Talking about retweets: 70% of retweets contain links. People are sharing good stuff when they RT. Tweets with hashtags have a higher amount of RTs.
Timing (time of day) is everything. Find out when your audience is online. Don’t be afraid to post it a couple of times, but don’t overdo it. Lastly, always be optimizing. Troll the friends of your competition and scout for related keywords.
For influentials, use Klout to get a score of people. It’s a PageRank for Twitter. Track your retweeters and thank them. Plus, keep score and remember to retweet friends.
For his slides go to http://www.Pubcon.com/t/twitterseo.pdf.

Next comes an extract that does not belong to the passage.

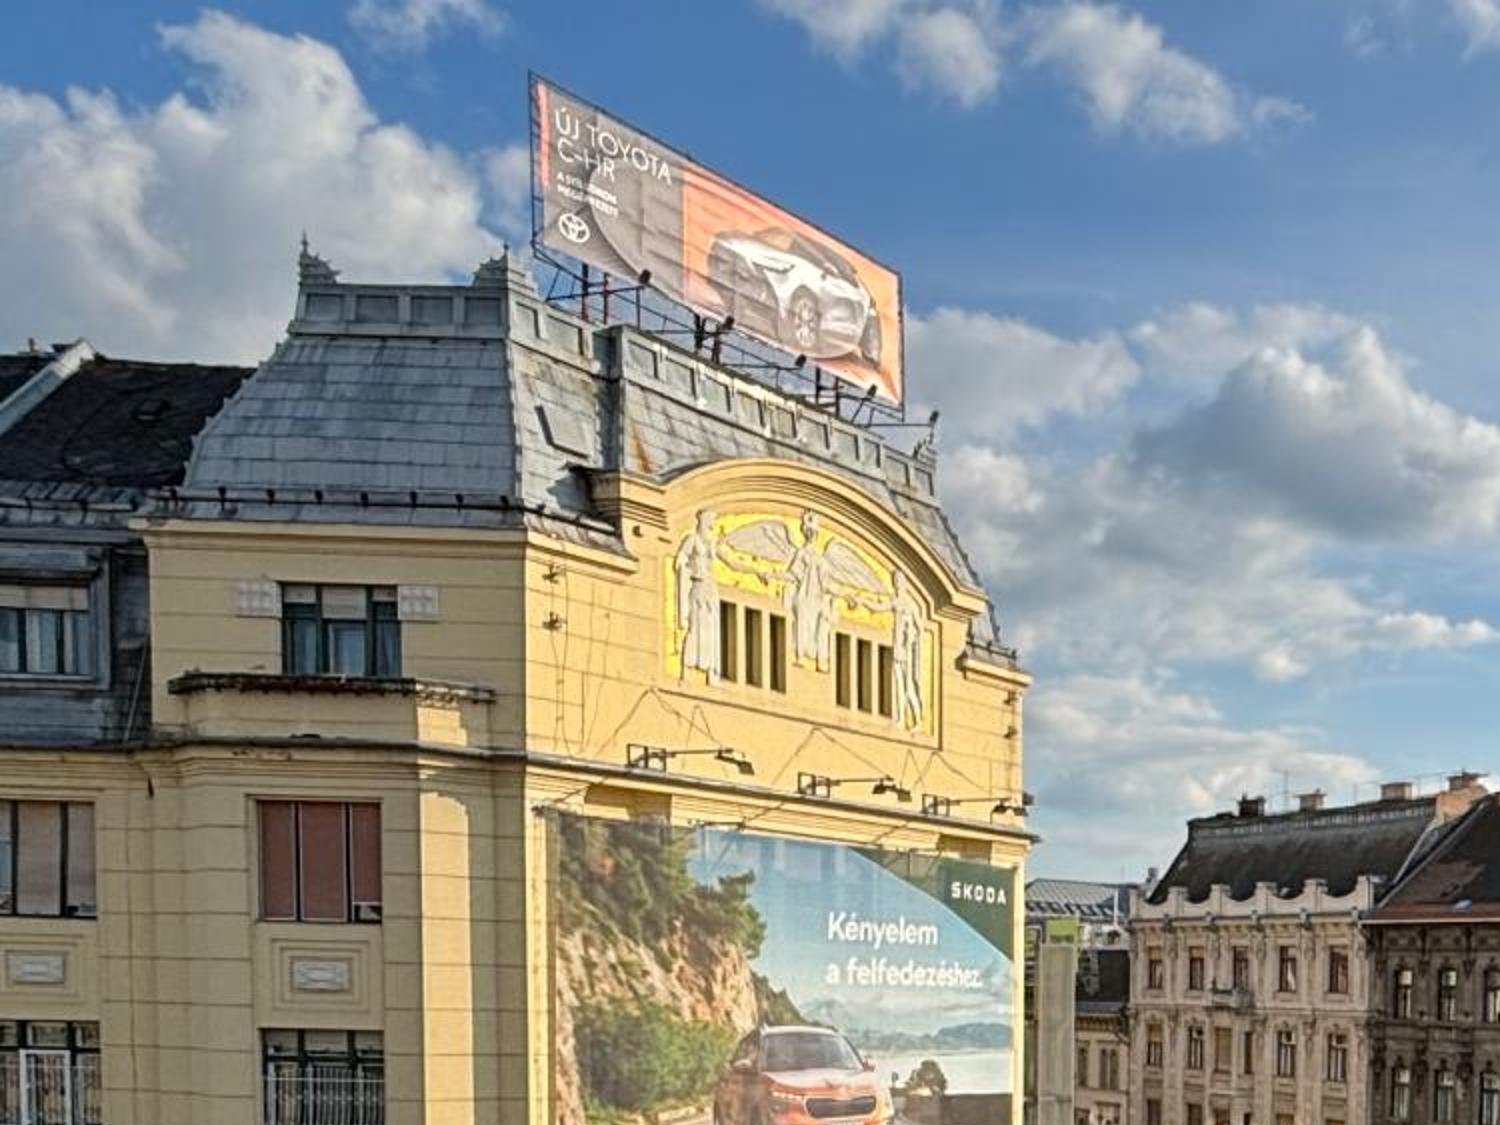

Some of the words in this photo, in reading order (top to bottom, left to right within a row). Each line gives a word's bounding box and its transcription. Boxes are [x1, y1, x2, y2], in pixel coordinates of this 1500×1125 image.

[Yea Brett… good presentation with some nuggets of info for us, even if there wasn’t a butterfly slide in it.]
Last up is Krisjan from Nordic Marketing.
He’s going to talk to the Analytics of News and a case study that they did. By observing 1000s of news and ePR distributions through the eNewsPR network, they found that Google news picks up news within 2-5 minutes, and less in some cases.
As an example, he’s going to talk about Beyonce and when she was accused of stealing a clothing design.
- The news went live at 9:10. Google picked it up at 9:12.
- 1st visitor through Twitter at 9:29.
- Google News returns the first visitor at 10:41.
- The first recognized news media, MediaCom, comes in at 13:31 through and external RSS news pick up.
They monitored the stakeholder visits like Daily News, etc., and were surprised by the reach of them.
Back to his presentation, Google Web search is still the prominent research tool (88%), with Google News as 2nd.
Actions points: What type of analytics are you using to monitor your site?
- When sending out PR, don’t only look at rise in visitors, also look at who comes in. are the stakeholders and target market coming in.
- They use Yahoo! Web Analytics to get the data needed.
When sending out press releases, understand that U.S. journalists are not very accurate when searching. Plus, Twitter and Facebook are great, but still not as popular as Google when it comes to news.
[That’s all for today folks. Not sure I’m ready to become a social butterfly but I’m sure I’ll be telling my clients to. It’s beneficial and becoming more important every day.]